As Wednesday's jubilation at winning the Olympics gave way to the terrible shock of Thursday's attacks, a shaken Blair rushed back to the capital. He then delivered an almost Churchillian appeal for unity, saying in a televised address that it was "a very sad day for the British people, but we will hold true to the British way of life." He praised the "stoicism and resilience of the British people."

Blair arrived back in Gleneagles in Scotland late on Thursday after returning to London for crisis talks following the attacks.


The first blast caught a subway train between Moorgate and Liverpool Street stations, on the eastern fringe of London's financial district. Seven died, police said. Moorgate is named for one of the gates in the city walls of London, of which few traces remain. Some people caught in the blast emerged from the Aldgate Station, near Jack the Ripper's old haunts in Whitechapel.

The second bombing came five minutes later, on a second train deep underground between the King's Cross and Russell Square stations. Police said 21 died. King's Cross station, in one of the seediest parts of London, is the film setting for Platform 9@3/4 in the Harry Potter films. Russell Square station serves Bloomsbury, the early 20th-century literary hotbed where Virginia Woolf and luminaries lived.

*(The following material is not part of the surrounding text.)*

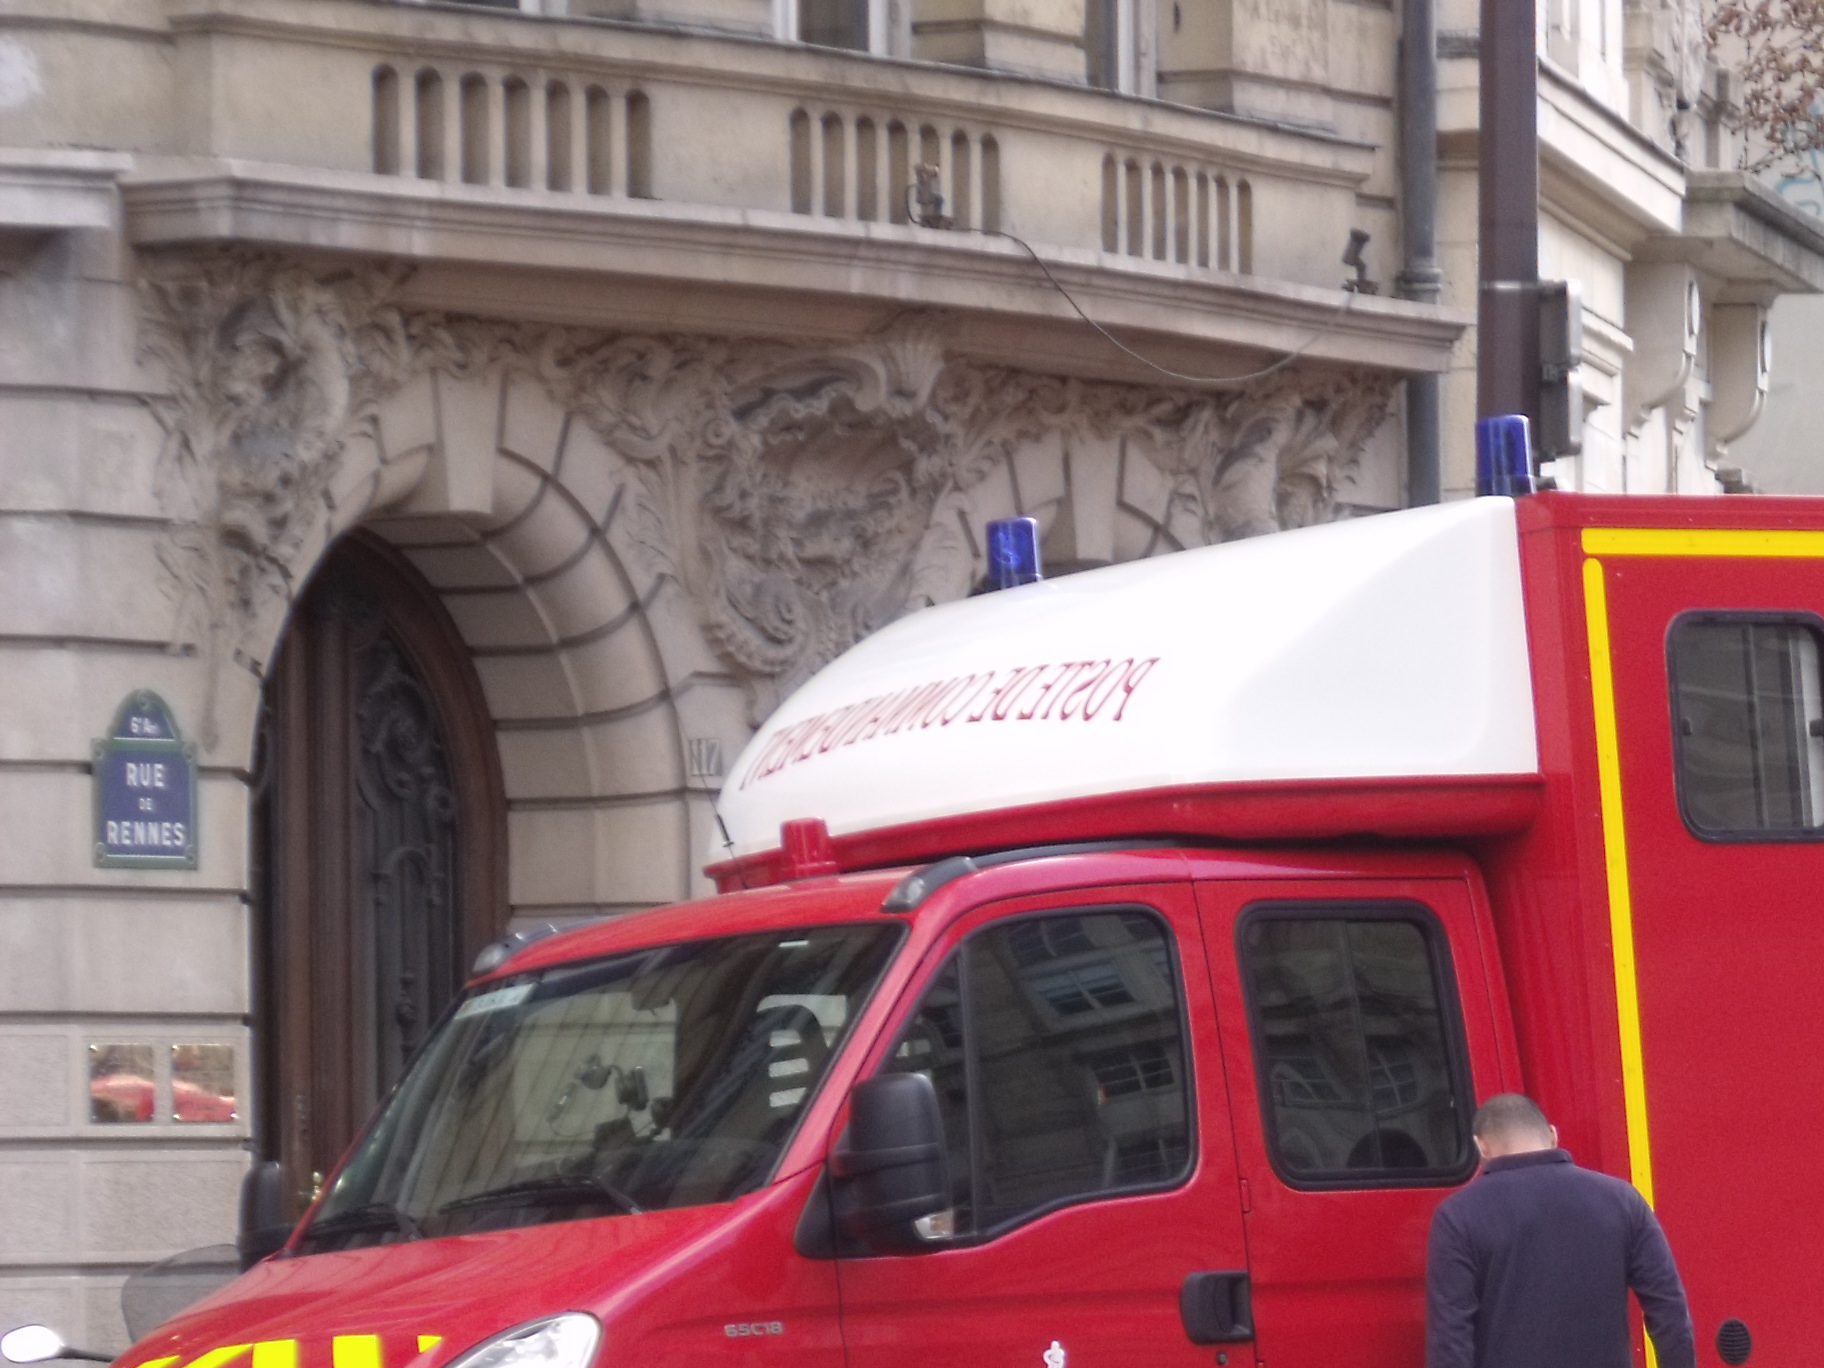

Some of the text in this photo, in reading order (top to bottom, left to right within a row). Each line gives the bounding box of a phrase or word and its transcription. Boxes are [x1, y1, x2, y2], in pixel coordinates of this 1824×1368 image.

[126, 762, 165, 787] RUE
[139, 797, 152, 810] DE
[107, 820, 185, 845] RENNES

At 9:17 a.m., there was an explosion involving two or perhaps three trains around Edgware Road station. Seven people were killed, police said. Edgware Road is the heart of a thriving Arab community, and convenient to Hyde Park, scene of last weekend's Live 8 concert.

The bus explosion, which killed at least two people, took place near Russell Square, an area of many modestly priced hotels popular with tourists. Also nearby is the home where Charles Dickens lived from 1837 to 1839.

"I was on the bus in front and heard an incredible bang, I turned round and half the double decker bus was in the air," Belinda Seabrook told the Press Association news agency. She said the bus was packed with people.

"It was a massive explosion and there were papers and half a bus flying through the air," she said.

Police said they had received no claim of responsibility. An Arabic-language news Web site said a group calling itself "Secret Organization — al Qaeda in Europe" had posted a claim on an Islamic Web site.

"The attack has all the trademarks of the al Qaeda network," said security expert Paul Wilkinson of St. Andrews University in Scotland.

In Washington, a senior counterterrorism official said the claim is considered "potentially very credible" because it appeared on a Web site that in the past has been used for extremist postings, the message appeared soon after the attacks and doesn't appeared hurried or rushed.

The whole of Europe was in a state of alert Thursday. Transportation systems in major U.S. cities also were ordered to be vigilant.

said in Scotland that Americans offered their "heartfelt condolences."

"The war on terror goes on," he said. "We will not yield to these people, we will not yield to the terrorists."

The U.S. raised the terror alert level to orange – or "high" – for trains and other mass transit system, but not airlines. Homeland Defense Secretary Michael Chertoff said there was "no specific, credible information" suggesting an attack in the U.S. was imminent.

Mayor Ken Livingstone, in Singapore for London's successful Olympic bid, called the blasts "mass murder" carried out by terrorists bent on indiscriminate slaughter.

"I want to say one thing: This was not a terrorist attack against the mighty or the powerful, it is not aimed at presidents or prime ministers, it was aimed at ordinary working-class Londoners," he told reporters.

In Scotland, the leaders of the G-8 countries – the United States, Britain, Canada, France, Germany, Italy, Japan and Russia – planned to proceed with discussions on the issues of global warming and African poverty that Blair has made the centerpiece of the gathering.

"All of our countries have suffered from the impact of terrorism," Blair said in a statement on the leaders' behalf. "Those responsible have no respect for human life."